Dr Edward Kwapong, Chief Executive of the Fair Wages and Salaries Commission, said the review will focus on the factors used in job evaluation and the guidelines for implementation as well as other critical areas to enhance the policy.
He said the Commission hopes to widen the consultation process during the review to enable more people to understand the policy and for easy implementation.
Dr Kwapong said this when he educated frontline media persons on the policy.
The SSPP has been criticized to have inequalities in terms of salaries and it has not had a smooth implementation process.
Dr Kwapong, however, said the policy had the objective of enabling the government to reward employees in accordance with the principle of “equal pay for work of equal value” consistent with article 24 (1) of the 1992 constitution.
He said that most workers embarked on strike without adhering to the principles in the SSPP and explained that most of the allowances demanded by some government sector workers were already consolidated into the basic salary under category one arrangement.
“During the migration of institutions onto the SSPP all identified category one allowances were consolidated into the basic salaries of job holders. This was aimed at discontinuing the payment of these allowances since they had already been factored into the basic salaries through the 13 factors of the job evaluation.”
Dr Kwapong explained that category two and three allowances were job related allowances paid under special conditions that arose from time to time which required special compensation.

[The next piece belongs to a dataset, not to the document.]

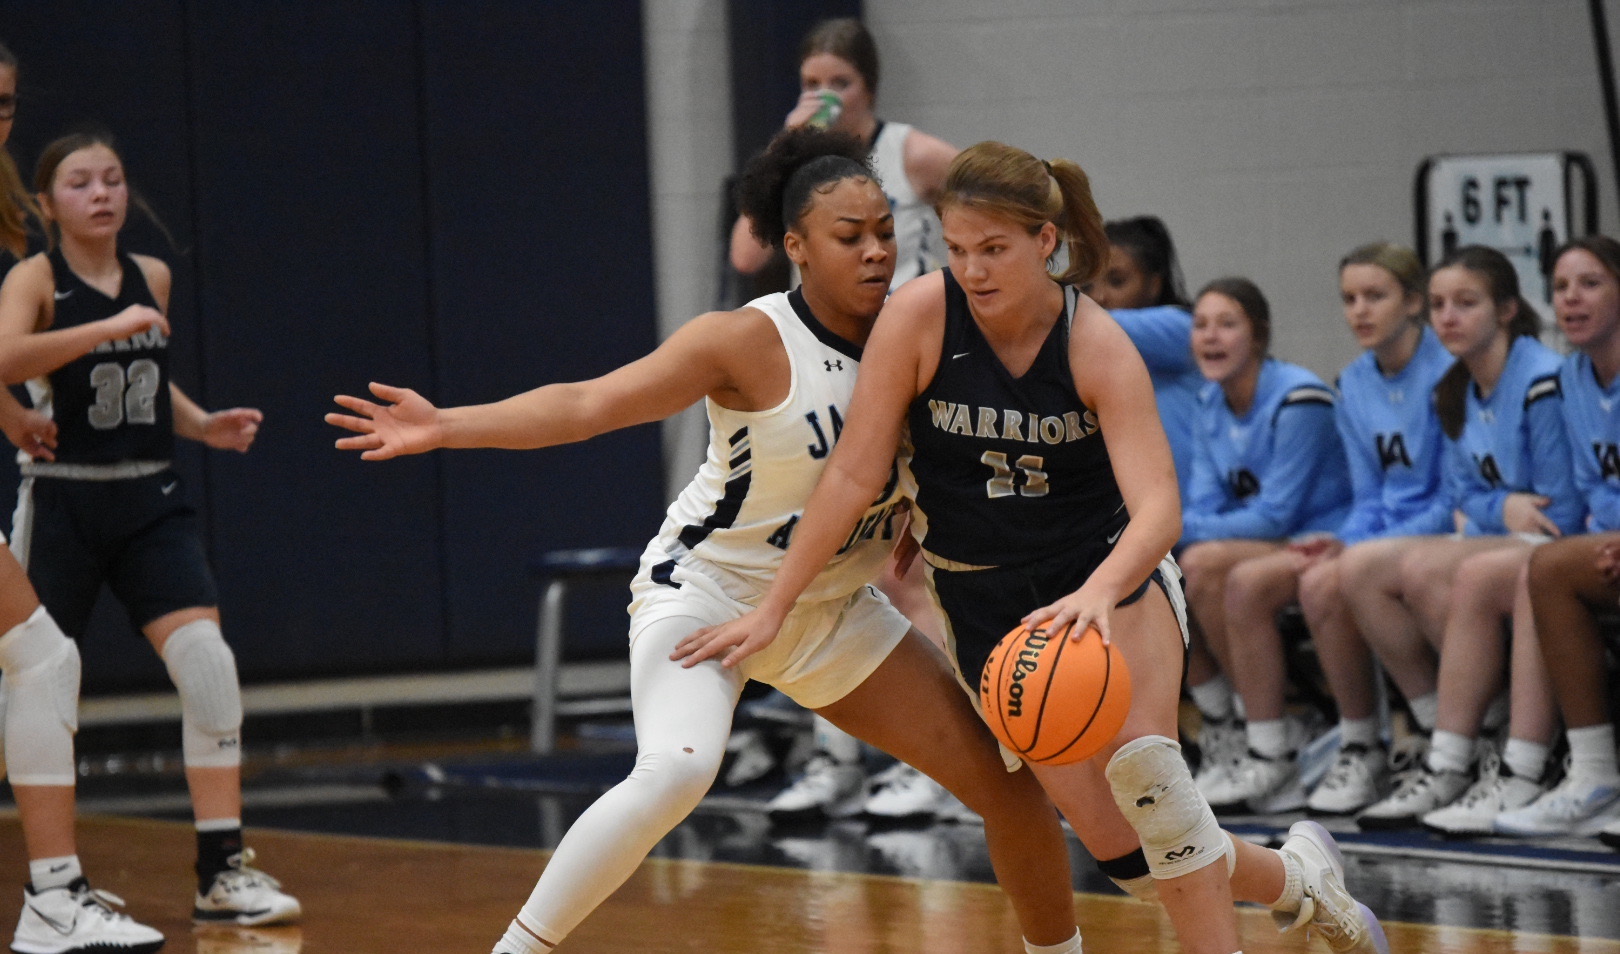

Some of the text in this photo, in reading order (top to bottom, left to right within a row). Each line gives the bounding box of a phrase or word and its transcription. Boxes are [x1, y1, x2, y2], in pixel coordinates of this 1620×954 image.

He mentioned acting allowance, additional duty allowance, permanent transfer allowance, overtime allowance and training allowance as examples while category three allowances were specifically related to the welfare of the employee.
Some category three allowances include physically challenged transport allowance, medical subsidy, out of station allowance, vehicle maintenance allowance, protection clothing allowance and funeral grant.
Mr Earl Ankrah, Ag. Director for Research, Monitoring and Evaluation and Head of Public Affairs at the FWSC expressed his appreciation to his “colleagues” for their blunt opinions.
He encouraged frontline media professionals to sit through policy formulation programmes in order to make vital input, since the nature of their work brings them “up, close and personal” to the real needs of the citizenry, on a daily basis.